Various forward references in Spinoza's notes to this treatise indicate that at some stage of his work on it Spinoza conceived it as introductory to another work, to be called (perhaps) Philosophy, a work which would have discussed in a systematic way topics in philosophical theology (II/29, n. z), philosophy of mind (II/15, n. o), epistemology (II/14, nn. k and l), ethics (II/6, n. a; II/7, n. b; II/8, n. c), and perhaps much else (cf. II/9, n. d). Some of the references suggest a work more like the Short Treatise than the Ethics, and Gebhardt argued that the "short work" referred to in Letter 6 was a two-part work, with the TdIE as a methodological prolegomenon to the more systematic KV. According to Gebhardt (I/407), the Latin original of the KV was already in existence when Spinoza began writing the TdIE around the time of Letter 6. But if what I have suggested above is correct (see n. 2), then Gebhardt must be wrong at least about the date of composition of the TdIE. Mignini would argue that Gebhardt is wrong also in thinking that the TdIE was an integral part of the short work Spinoza refers to in Letter 6. Emphasizing the incompleteness of our text of the TdIE, he contends that it could not have been correctly described in Letter 6 as having been composed and that it is earlier than the KV, not merely in date of composition, but also in the stage of the development of Spinoza's thought that it represents. If Mignini's arguments for the priority of the TdIE are not conclusive, he has, I think, at least established that there is no reason to regard the KV as the earlier work. So at this stage the position would seem to be that, if the TdIE is not in fact earlier that the KV, it was probably written at about the same time as the KV and as an introduction to it.

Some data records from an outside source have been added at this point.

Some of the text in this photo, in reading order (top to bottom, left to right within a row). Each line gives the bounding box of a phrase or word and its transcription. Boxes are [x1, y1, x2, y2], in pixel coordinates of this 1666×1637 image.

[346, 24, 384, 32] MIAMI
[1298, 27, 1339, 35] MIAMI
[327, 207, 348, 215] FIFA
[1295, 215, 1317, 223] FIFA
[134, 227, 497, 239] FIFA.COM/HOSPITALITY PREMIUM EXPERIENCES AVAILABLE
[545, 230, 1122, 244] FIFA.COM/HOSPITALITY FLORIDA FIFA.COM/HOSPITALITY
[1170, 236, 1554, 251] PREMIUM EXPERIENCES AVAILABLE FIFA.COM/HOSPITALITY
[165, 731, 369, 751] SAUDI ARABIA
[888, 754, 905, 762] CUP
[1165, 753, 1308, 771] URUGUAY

In its importance for the study of the development of Spinoza's thought, the Treatise on the Intellect invites comparison with Descartes' Regulae. Both are early, unfinished works that show the direction of their author's thought at a formative stage, that indicate the problems concerning him and the solutions he was inclined toward. Both discuss certain important themes more fully than does any work their author later published. But both works also need to be read with the consciousness that the lines of thought presented in them may not have proved ultimately to be satisfactory to the author.

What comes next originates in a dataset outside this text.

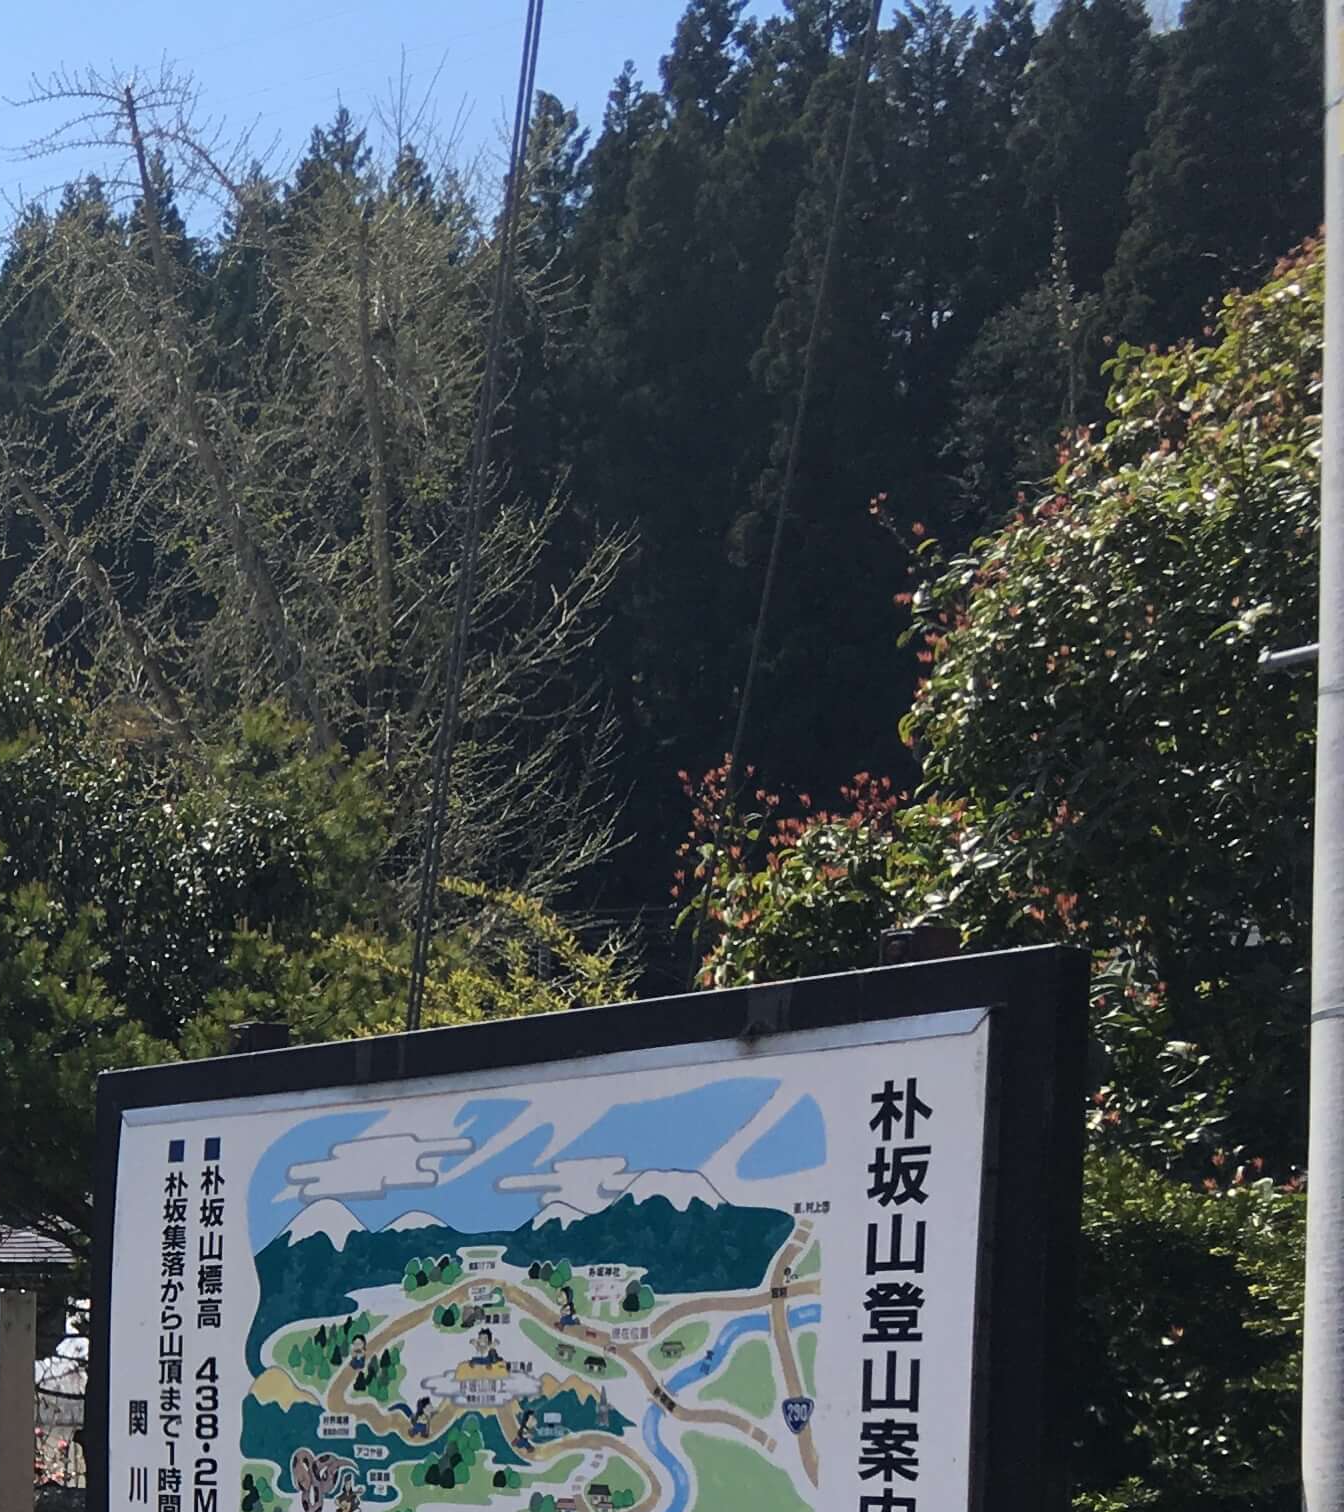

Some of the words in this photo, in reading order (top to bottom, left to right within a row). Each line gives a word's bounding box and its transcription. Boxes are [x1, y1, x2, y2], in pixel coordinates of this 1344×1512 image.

[197, 1165, 225, 1329] 朴坂山標高

For example, some have argued that in this treatise Spinoza has not fully emancipated himself from Descartes on the distinction between will and intellect, and it seems clear that he does tend to confuse mind and intellect. I would argue that the discussion of the four kinds of knowledge is not clearly thought out. And Joachim has suggested that the whole work may have been intended only to present a popular, imprecise exposition of Spinoza's thought on these topics.
The most important question, perhaps, is whether the whole concept of method, as Spinoza here presents it, is not incoherent, and so doomed to failure. On the one hand, the truth is supposed to require no sign, and having a true idea is supposed to be sufficient to remove doubt (§ 36); on the other, the method is supposed, among other things, to teach us what a true idea is, and how to distinguish it from other perceptions (§ 37).

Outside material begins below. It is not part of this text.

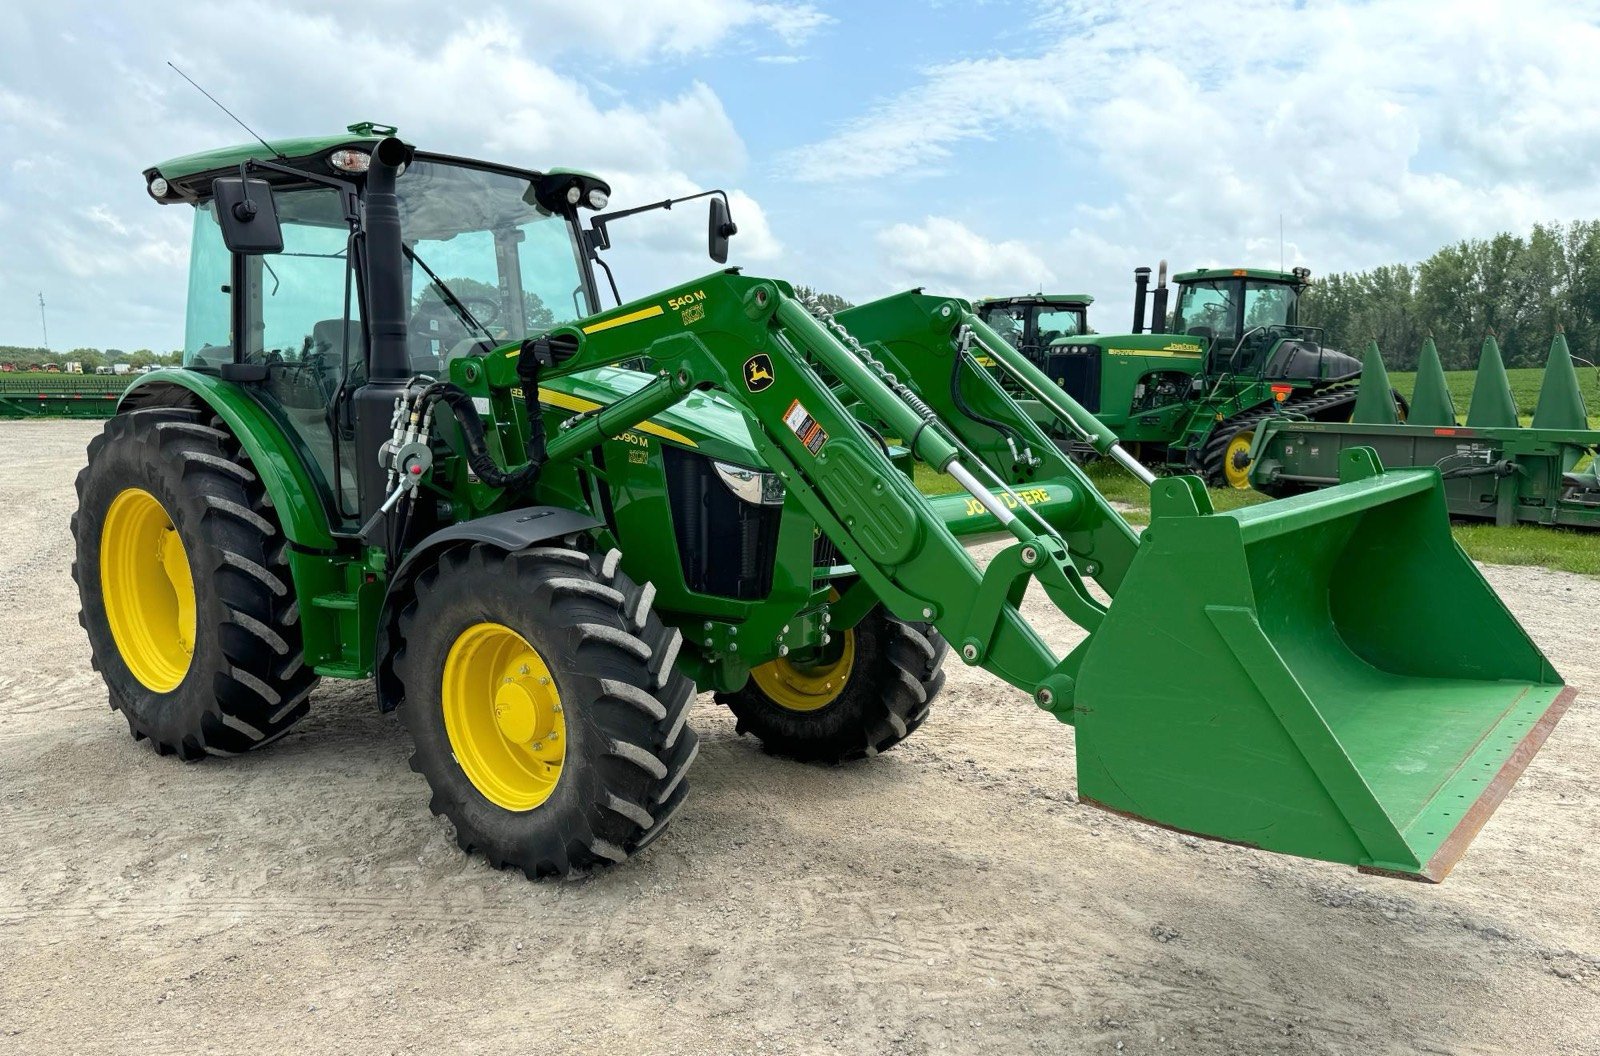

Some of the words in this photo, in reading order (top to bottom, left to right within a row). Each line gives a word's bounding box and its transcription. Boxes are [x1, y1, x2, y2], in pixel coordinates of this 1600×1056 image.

[668, 294, 694, 310] 540
[693, 290, 707, 301] M
[639, 437, 649, 448] M
[1001, 488, 1052, 509] DERE

But whatever reservations we may have about the doctrine of this work, it is clear that in the main it continued to satisfy Spinoza for some years. A letter to Bouwmeester in 1666 (Letter 37) repeats some of the Treatise's main themes — that the intellect, unlike the body, is not subject to chance, external causes, but has the power of forming clear and distinct ideas; that it is necessary above all to distinguish between the intellect and the imagination (this being identified with distinguishing between true ideas and all the rest, the false, fictitious and doubtful). And an interchange with Tschirnhaus in 1675 (Letters 59 and 60) indicates that Spinoza had communicated something similar to him informally, and had given Tschirnhaus some reason to expect that before long he would publish his treatise on method.
Naturally, then, there have been a variety of suggestions as to why the Treatise never was published in Spinoza's lifetime. The editors of the Opera posthuma remark that the importance of the topic, the deep contemplations and extensive knowledge it required, made Spinoza's progress with it very slow. Appuhn suggests that Spinoza broke off the composition because he could not see any satisfactory solution to the problems raised at the end (§§ 102-103, 106-110), and that he did not return to finish it because he came to think it more important to concentrate on his other works on moral and political philosophy (the Ethics, the Theological-Political Treatise, and the Political Treatise). Koyré, on the other hand, tends to emphasize the difficulty raised in § 46 (see the note to II/18/1-2). Ironically, Joachim's excellent commentary on this work itself remained unfinished at his death because he was unable to resolve to his satisfaction the problem of how Spinoza meant to conclude the Treatise.
If the character of this work as unfinished, highly problematic, and only posthumously published invites comparison with Descartes' Regulae, the apparently autobiographical character of the opening sections equally invites comparison with the Discourse on Method. The tone of the two works is quite different, of course. The dissatisfaction Descartes presents as leading him to philosophy is with the uncertainty of the learning that had been imparted to him as a student. Spinoza's dissatisfaction is with the insufficiency of the ends men commonly pursue.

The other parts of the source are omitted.